• Abbonati
Il libro

Covid, Gallera si assolve e ne ha per tutti: Conte, Gori, Sala e pure Salvini

Nel "diario" dell’ex assessore regionale al Welfare la "guerra" alla pandemia. Sulla riapertura del pronto soccorso di Alzano: "Corretto quanto fatto". Sulla mancata zona rossa in Valseriana: "Il governo Conte ci aveva rassicurato, non avevamo motivo di agire autonomamente"

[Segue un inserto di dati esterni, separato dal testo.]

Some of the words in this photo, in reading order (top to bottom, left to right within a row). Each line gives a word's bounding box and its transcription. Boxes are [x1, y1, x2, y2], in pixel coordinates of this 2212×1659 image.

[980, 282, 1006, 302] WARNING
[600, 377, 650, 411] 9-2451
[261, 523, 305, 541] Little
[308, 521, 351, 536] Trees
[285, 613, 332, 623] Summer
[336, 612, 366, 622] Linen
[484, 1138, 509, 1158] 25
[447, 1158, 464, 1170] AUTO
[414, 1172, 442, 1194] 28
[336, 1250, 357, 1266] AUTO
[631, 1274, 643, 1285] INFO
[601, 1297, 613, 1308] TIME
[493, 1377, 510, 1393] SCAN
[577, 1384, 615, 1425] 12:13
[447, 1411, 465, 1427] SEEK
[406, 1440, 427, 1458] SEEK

È vero, non è “un’autocelebrazione”, come scrive Giulio Gallera (e ci mancherebbe, visto che da celebrare non c’è proprio nulla). Piuttosto, il libro “Diario di una guerra non convenzionale, la nostra lotta contro il virus”, pubblicato dall’ex assessore al Welfare di Regione Lombardia con Guerini Associati, è un tentativo di riscattare la propria credibilità; difendere il proprio operato di fronte “al mare di polemiche strumentali – così le definisce Gallera – che hanno investito la Lombardia, colpendo me e il presidente Fontana” durante la prima e seconda ondata Covid.

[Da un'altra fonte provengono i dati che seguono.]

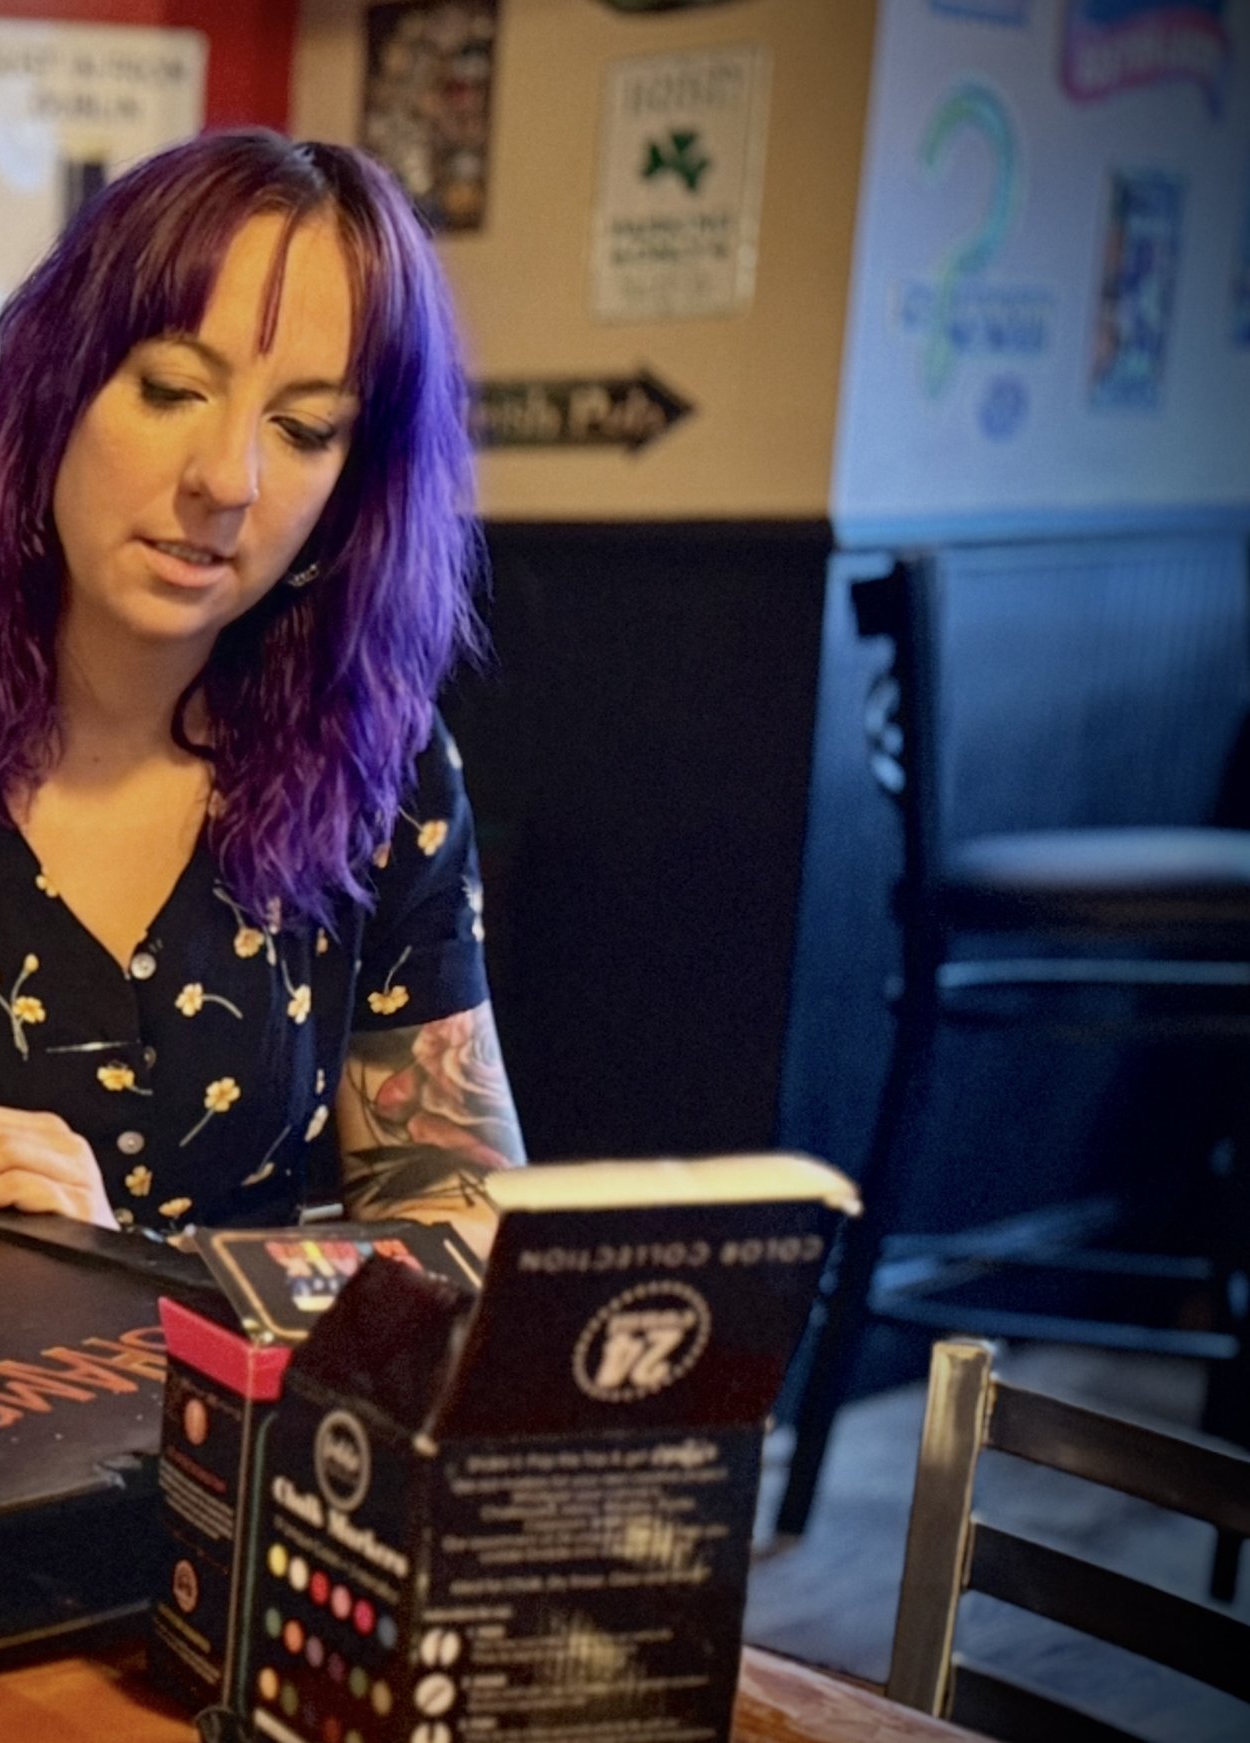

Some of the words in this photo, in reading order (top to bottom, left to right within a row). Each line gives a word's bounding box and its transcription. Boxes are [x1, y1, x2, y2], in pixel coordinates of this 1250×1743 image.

[516, 1240, 712, 1273] COLLECTION
[720, 1233, 825, 1266] COLOR
[595, 1329, 685, 1389] 24
[271, 1475, 325, 1529] Chalk
[327, 1507, 410, 1579] Markers

E dire che fino a pochi mesi prima, a Palazzo Lombardia pensavano di avere una “macchina più che collaudata”. Con l’esperienza dell’epidemia di meningite nel basso Sebino bergamasco (“cinque casi” a fine 2019, ricorda Gallera), tracciamento  e vaccinazioni non erano concetti nuovi. “Mi ripeto che eravamo pronti”. “Avevamo risposto in modo immediato sottoponendo a profilassi centinaia di contatti diretti, vaccinando 33 mila persone in poche settimane”. Ma il Covid è stato ben altra cosa. E il motore della macchina si è presto ingolfato.

Gallera, professione avvocato, fa un po’ l’avvocato di sé stesso. “Non sono solo quello che ha sbagliato a spiegare l’indice Rt”, sembra voler urlare, pur riconoscendo di essere stato “approssimativo” e “scientificamente non appropriato” in quella sfortunata diretta social. “Ci siamo trovati in una notte buia a guidare una macchina con i fari spenti”. E ancora: “Io posso solamente dire di aver fatto tutto ciò che era nelle mie competenze”. Ma, per difendere sé stesso, finisce sempre con l’attaccare qualcun altro: in primis il governo Conte. “I nostri provvedimenti hanno sempre cercato di tenere il passo del virus e, qualche volta, anche di anticiparlo. A differenza del governo nazionale, che in più occasioni ha funzionato da freno anche nell’attuazione delle nostre decisioni. Il caso della zona rossa ad Alzano e Nembro – dice – ne è la dimostrazione plastica”.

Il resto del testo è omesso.